# Panasonic AE8000 on its way!



## tonyvdb (Sep 5, 2007)

Well after a long time of being undecided I finally took the plunge and bought a new Panasonic AE8000 to replace my AE4000 thats been in my theater for 4 years. 
I found one on sale in Canada for $2200 Thats about $1750 USD. So definitely not a bad deal at all. 
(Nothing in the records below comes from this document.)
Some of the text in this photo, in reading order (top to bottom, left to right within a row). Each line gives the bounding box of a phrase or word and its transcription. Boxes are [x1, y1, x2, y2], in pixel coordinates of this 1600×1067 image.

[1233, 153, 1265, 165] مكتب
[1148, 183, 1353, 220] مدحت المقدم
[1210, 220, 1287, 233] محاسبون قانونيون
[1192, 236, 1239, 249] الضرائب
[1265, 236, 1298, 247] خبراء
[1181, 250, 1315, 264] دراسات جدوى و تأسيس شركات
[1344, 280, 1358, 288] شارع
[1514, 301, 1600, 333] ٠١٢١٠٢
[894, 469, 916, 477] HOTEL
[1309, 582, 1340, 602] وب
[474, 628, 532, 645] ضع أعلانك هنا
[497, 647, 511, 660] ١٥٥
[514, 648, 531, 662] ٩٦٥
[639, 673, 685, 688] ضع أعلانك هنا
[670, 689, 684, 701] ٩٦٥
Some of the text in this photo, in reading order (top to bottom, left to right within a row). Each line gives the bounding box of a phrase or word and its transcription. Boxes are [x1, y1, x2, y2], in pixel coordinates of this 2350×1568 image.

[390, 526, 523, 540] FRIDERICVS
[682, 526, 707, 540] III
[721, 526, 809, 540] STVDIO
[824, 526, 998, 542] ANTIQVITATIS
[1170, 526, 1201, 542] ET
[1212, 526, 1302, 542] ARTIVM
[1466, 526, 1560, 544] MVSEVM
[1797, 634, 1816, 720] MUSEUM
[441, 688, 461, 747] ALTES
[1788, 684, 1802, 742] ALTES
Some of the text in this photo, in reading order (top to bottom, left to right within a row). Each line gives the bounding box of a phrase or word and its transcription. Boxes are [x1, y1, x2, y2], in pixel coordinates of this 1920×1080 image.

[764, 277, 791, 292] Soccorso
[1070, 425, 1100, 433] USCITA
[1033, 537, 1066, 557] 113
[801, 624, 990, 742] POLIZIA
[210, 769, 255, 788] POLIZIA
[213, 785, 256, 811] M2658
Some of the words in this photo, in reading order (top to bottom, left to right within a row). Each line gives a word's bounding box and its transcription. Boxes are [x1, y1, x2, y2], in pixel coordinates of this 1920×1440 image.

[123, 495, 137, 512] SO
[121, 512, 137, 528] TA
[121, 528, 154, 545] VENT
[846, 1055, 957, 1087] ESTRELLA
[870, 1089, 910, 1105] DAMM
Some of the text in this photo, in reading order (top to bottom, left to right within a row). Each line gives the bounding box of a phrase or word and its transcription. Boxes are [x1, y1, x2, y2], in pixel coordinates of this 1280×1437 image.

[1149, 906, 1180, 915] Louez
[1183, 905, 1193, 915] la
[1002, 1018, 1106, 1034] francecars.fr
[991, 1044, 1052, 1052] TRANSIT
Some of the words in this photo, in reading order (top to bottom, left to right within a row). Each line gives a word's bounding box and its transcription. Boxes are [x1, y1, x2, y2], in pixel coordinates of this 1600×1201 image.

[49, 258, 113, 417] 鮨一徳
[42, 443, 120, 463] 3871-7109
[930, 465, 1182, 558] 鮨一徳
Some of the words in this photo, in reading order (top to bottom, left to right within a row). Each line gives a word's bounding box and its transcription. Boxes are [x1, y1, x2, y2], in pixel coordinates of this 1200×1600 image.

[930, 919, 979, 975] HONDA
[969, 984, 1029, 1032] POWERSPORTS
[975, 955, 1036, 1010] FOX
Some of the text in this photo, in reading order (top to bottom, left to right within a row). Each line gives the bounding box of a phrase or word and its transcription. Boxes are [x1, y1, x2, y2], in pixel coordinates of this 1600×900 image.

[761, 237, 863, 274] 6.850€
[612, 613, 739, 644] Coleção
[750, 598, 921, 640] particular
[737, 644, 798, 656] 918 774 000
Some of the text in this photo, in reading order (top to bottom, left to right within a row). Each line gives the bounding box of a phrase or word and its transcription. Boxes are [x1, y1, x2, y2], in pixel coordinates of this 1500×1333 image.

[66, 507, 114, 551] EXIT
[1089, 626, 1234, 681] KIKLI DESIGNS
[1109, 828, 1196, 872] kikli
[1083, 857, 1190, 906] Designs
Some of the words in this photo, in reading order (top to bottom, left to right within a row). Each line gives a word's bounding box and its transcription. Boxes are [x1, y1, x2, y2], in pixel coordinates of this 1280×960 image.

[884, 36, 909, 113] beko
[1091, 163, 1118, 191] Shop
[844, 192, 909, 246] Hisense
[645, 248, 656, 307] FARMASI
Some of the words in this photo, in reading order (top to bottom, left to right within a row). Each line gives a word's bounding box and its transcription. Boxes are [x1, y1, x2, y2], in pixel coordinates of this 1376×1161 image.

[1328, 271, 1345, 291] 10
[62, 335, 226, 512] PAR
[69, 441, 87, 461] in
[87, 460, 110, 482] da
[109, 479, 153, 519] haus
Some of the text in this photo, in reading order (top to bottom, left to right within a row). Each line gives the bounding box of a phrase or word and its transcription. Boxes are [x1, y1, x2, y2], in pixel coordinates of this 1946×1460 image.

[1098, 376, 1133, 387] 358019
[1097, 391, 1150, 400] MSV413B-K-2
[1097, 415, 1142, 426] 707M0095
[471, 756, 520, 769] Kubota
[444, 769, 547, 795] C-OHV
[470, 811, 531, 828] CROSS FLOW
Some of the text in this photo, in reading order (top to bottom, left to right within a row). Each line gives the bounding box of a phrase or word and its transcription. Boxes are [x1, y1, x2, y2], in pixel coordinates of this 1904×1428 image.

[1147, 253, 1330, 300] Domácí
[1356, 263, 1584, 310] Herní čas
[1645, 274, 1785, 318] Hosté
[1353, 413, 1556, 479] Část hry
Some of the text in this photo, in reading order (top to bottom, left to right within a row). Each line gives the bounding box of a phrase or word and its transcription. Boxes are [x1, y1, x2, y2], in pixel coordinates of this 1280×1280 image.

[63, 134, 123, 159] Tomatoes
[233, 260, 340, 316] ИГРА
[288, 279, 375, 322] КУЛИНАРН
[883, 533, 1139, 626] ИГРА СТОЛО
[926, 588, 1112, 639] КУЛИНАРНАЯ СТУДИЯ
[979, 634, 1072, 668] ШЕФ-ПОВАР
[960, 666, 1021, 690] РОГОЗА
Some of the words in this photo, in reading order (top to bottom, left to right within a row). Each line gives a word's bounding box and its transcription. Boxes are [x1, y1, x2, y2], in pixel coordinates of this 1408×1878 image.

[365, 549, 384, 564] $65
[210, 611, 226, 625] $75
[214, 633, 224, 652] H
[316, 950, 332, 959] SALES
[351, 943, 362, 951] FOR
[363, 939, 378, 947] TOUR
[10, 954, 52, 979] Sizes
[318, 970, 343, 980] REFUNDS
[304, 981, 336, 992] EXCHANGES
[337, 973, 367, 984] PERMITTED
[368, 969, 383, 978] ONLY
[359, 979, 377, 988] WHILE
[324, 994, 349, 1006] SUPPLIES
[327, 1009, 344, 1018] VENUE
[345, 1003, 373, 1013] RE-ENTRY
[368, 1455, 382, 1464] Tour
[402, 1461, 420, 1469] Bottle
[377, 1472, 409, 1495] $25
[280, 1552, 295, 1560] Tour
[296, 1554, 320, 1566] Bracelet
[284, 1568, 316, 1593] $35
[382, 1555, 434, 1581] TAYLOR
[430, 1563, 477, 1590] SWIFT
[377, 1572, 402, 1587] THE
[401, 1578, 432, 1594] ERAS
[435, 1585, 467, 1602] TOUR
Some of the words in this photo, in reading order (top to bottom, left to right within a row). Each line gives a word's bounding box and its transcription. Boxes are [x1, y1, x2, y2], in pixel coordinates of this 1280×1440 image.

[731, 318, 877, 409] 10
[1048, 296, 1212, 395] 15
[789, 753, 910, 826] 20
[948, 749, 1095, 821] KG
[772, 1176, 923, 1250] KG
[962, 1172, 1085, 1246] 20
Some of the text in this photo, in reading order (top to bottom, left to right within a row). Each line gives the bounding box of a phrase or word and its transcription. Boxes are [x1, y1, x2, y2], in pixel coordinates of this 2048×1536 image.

I hope the difference is as pronounced as it was going form my old Sanyo Z4 to the AE4000:T


----------



## JQueen (Jan 11, 2012)

Congrats Tony!!! I'm sure you won't be disappointed! Looking forward to reading your reviews


----------



## asere (Dec 7, 2011)

Congratulations Tony!


----------



## chashint (Jan 12, 2011)

Awesome, hope you say WOW when you use it the first time.


----------



## NBPk402 (Feb 21, 2012)

You're gonna love it, Tony!


----------



## tonyvdb (Sep 5, 2007)

I considered the Epson equivalent but the auto aspect ratio zoom of the panasonics has me hooked.


----------



## Blacklightning (Nov 22, 2011)

Congratulations Tony

How many 3D glasses did you get?


----------



## tonyvdb (Sep 5, 2007)

Blacklightning said:


> Congratulations Tony
> 
> How many 3D glasses did you get?


Just the two that come with it. I really don't like 3D


----------



## NBPk402 (Feb 21, 2012)

tonyvdb said:


> I considered the Epson equivalent but the auto aspect ratio zoom of the panasonics has me hooked.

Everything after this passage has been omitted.